All of them had their reasons for not wanting to carry their pregnancy to term.
And there were some who never thought it would happen to them, like the one who sat across from me, her long blond hair pushed back with a hairband. Her eyes were curt as she tried to look everywhere but at me.
“I don’t even believe in abortion,” she finally told me. “I’m Catholic.”
“Then why are you here?” I said.
“My family would freak out if they knew I was pregnant. My boyfriend and I aren’t married.” She folded her arms. “Honestly, I don’t know how you can do this job.”
“I do it because I believe that women should have a clean and safe place to go if they have an unplanned pregnancy and it’s not a good time for them to have a baby,” I said.
She didn’t really have a response. And she went through with the abortion. I always wondered if she was grateful to at least have a hygienic place with a respectful and non-judgmental staff to turn to in her predicament, or if she struggles to this day with the choice she made, or both.

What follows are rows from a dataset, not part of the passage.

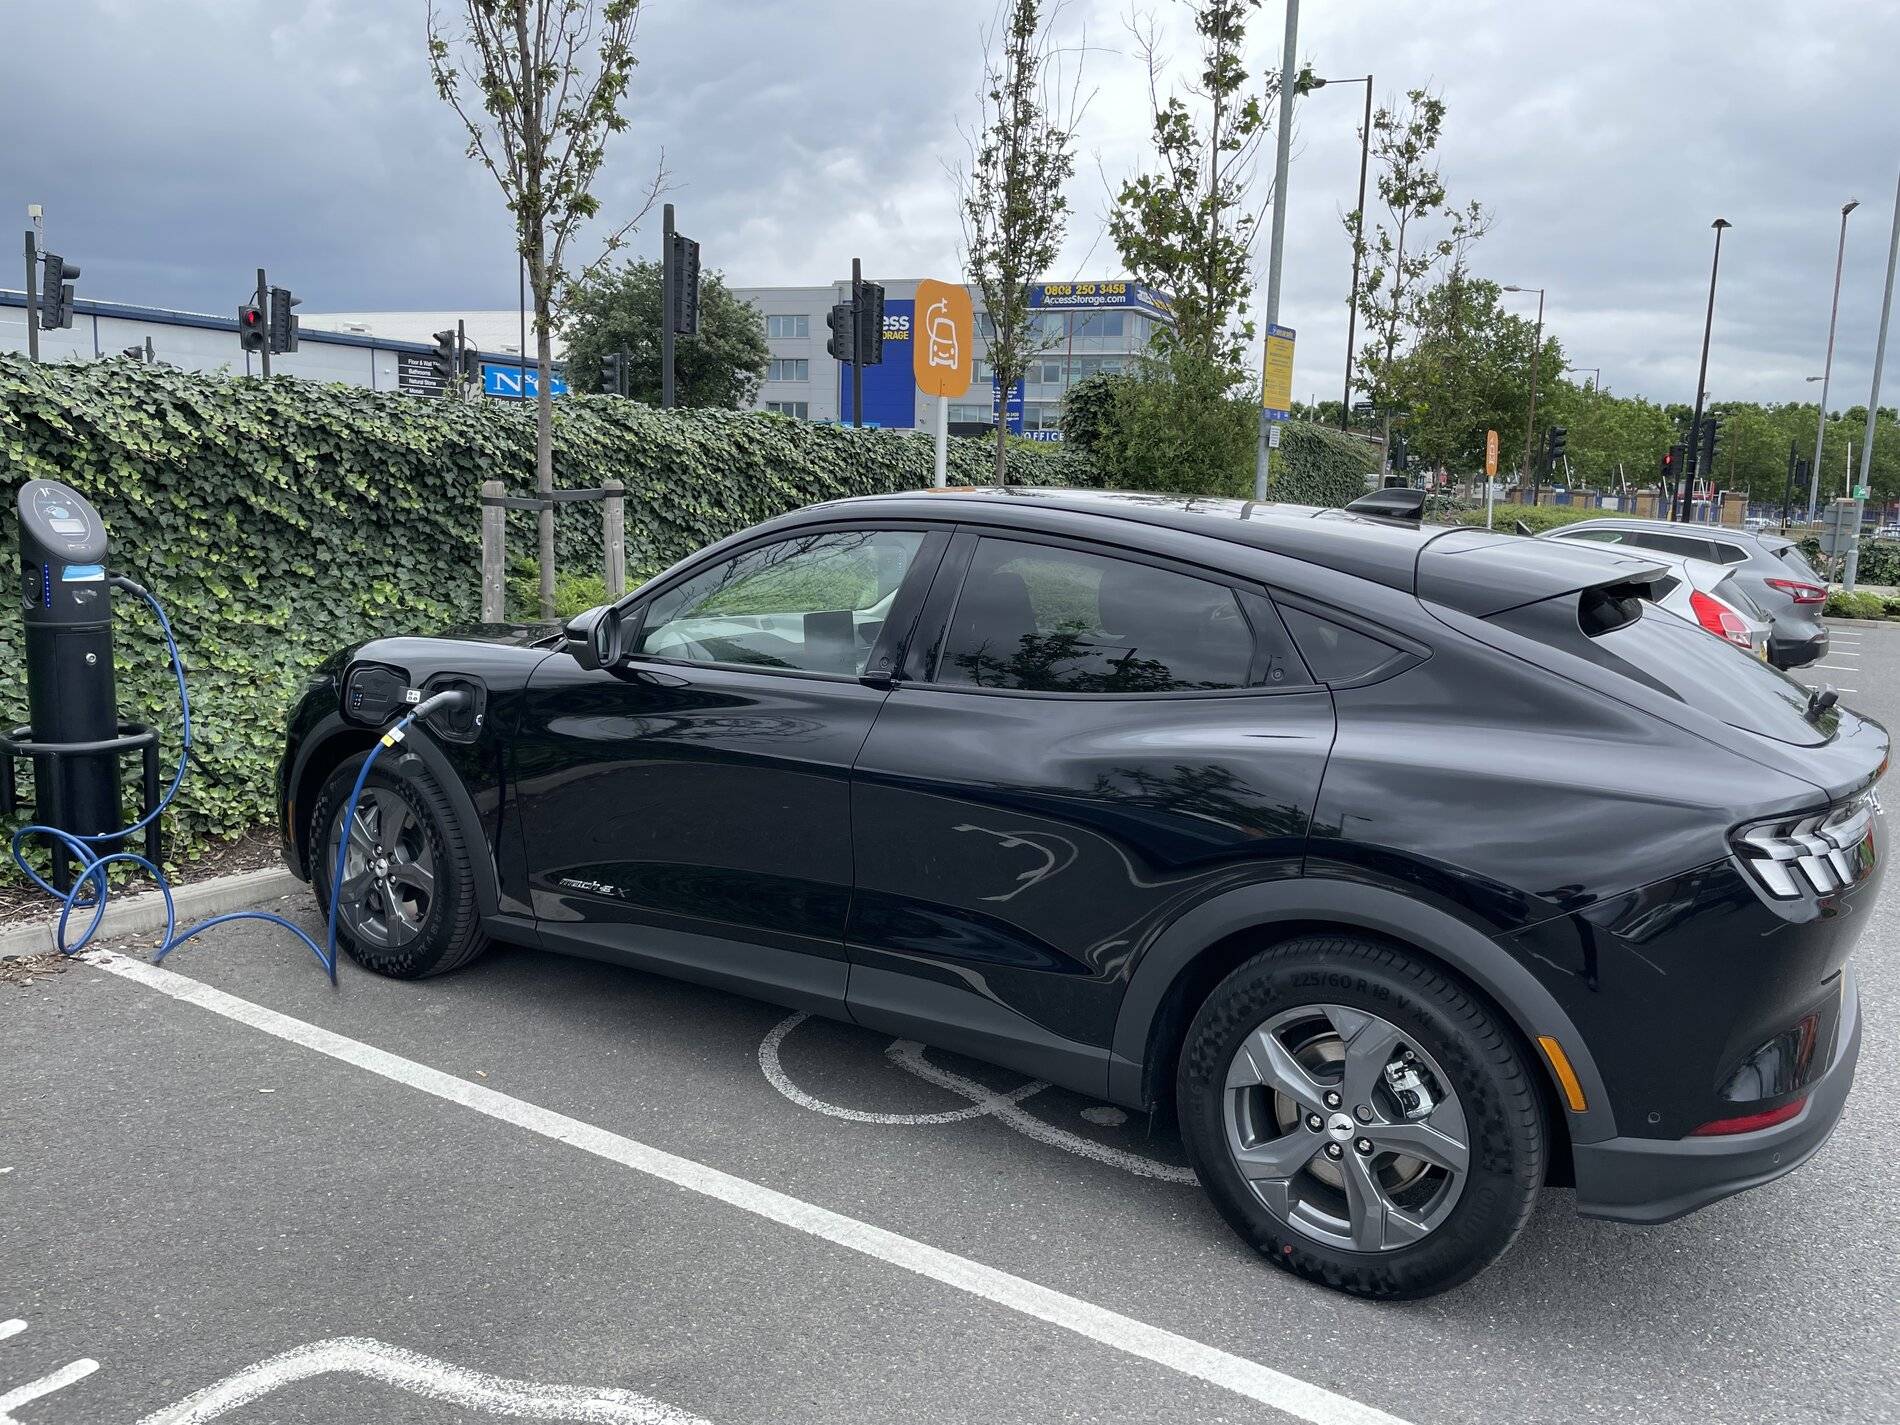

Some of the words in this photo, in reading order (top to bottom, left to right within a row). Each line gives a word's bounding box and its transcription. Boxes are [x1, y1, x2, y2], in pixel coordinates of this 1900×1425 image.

[1075, 284, 1095, 295] 250
[1099, 283, 1126, 295] 3458
[1044, 294, 1126, 305] AccessStorage.com
[883, 315, 910, 330] ess
[883, 331, 909, 340] ORAGE
[408, 368, 431, 376] Bathrooms
[409, 387, 425, 395] Mosaic

Because the truth is, every single woman who is sexually active, healthy and in her reproductive years has the chance of getting pregnant, even if they are using birth control. Even if they do all the right things to prevent it, like the girl who had a condom break, then used the morning after pill, and still ended up pregnant. As much as we are different in so many ways, reproductive health, rights and options are something that we all have a stake in.

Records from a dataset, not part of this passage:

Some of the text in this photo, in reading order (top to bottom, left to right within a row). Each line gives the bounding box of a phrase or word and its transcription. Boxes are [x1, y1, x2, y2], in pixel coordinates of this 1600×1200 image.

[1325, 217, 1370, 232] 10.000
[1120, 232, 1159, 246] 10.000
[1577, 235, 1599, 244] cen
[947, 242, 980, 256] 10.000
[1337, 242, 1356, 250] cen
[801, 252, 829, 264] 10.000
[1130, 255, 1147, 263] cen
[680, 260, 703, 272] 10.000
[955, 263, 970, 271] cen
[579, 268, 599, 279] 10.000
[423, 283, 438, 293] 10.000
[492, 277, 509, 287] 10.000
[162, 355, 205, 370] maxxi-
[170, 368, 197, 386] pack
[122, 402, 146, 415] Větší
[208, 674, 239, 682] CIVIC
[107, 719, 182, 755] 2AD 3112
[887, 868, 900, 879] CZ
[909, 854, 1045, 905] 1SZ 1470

Abortion is fraught with so much negative sentiment, and in a sense, abortion is plucking a life from existence that has yet to have the opportunity to thrive. No one is claiming it’s pleasant. There is nothing black and white about abortion. It’s every shade of gray. But for us pro-choicers, the woman’s life trumps the embryo or fetus. That’s the bottom line. We place value on a woman’s ability to know what is best for her. It simply needs to be a safe and legal option. When I started at the clinic, all I saw was the individual moment of pain, but over the years I began to see a much richer portrait — women coming out the other side, relieved, even if it was simply a relief to have the procedure behind them. They could go back to their lives.
Seeing every side, the whole complicated and profound process, I came out more pro-choice than ever. I started to see it from a purely biological standpoint. We were removing an unwanted growth to preserve the woman’s chosen course.
Pro-choice isn’t just about being able to choose whether to have a baby or not. It’s also about having choices and opportunities before you dedicate your life to a child, or overwhelm yourself with too many children. What if a new baby means the children you already have will go without? There are myriad variables.
Though most of us are not open about it, according to Guttmacher.org, “About half of American women will have an unintended pregnancy, and nearly 3 in 10 will have an abortion by age 45.” But because there is a societal expectation for women to embrace motherhood no matter the personal cost, and the shaming of the anti-choice camp is so great, the act of terminating a pregnancy becomes some dirty little secret, when in truth it’s a secret many women share.
My time working as an abortion assistant and counselor taught me that grace can be found in the unlikeliest of places. I saw the deep thread that binds us. When we support each other in our darkest hours, our shared struggles can be overcome by our shared strength.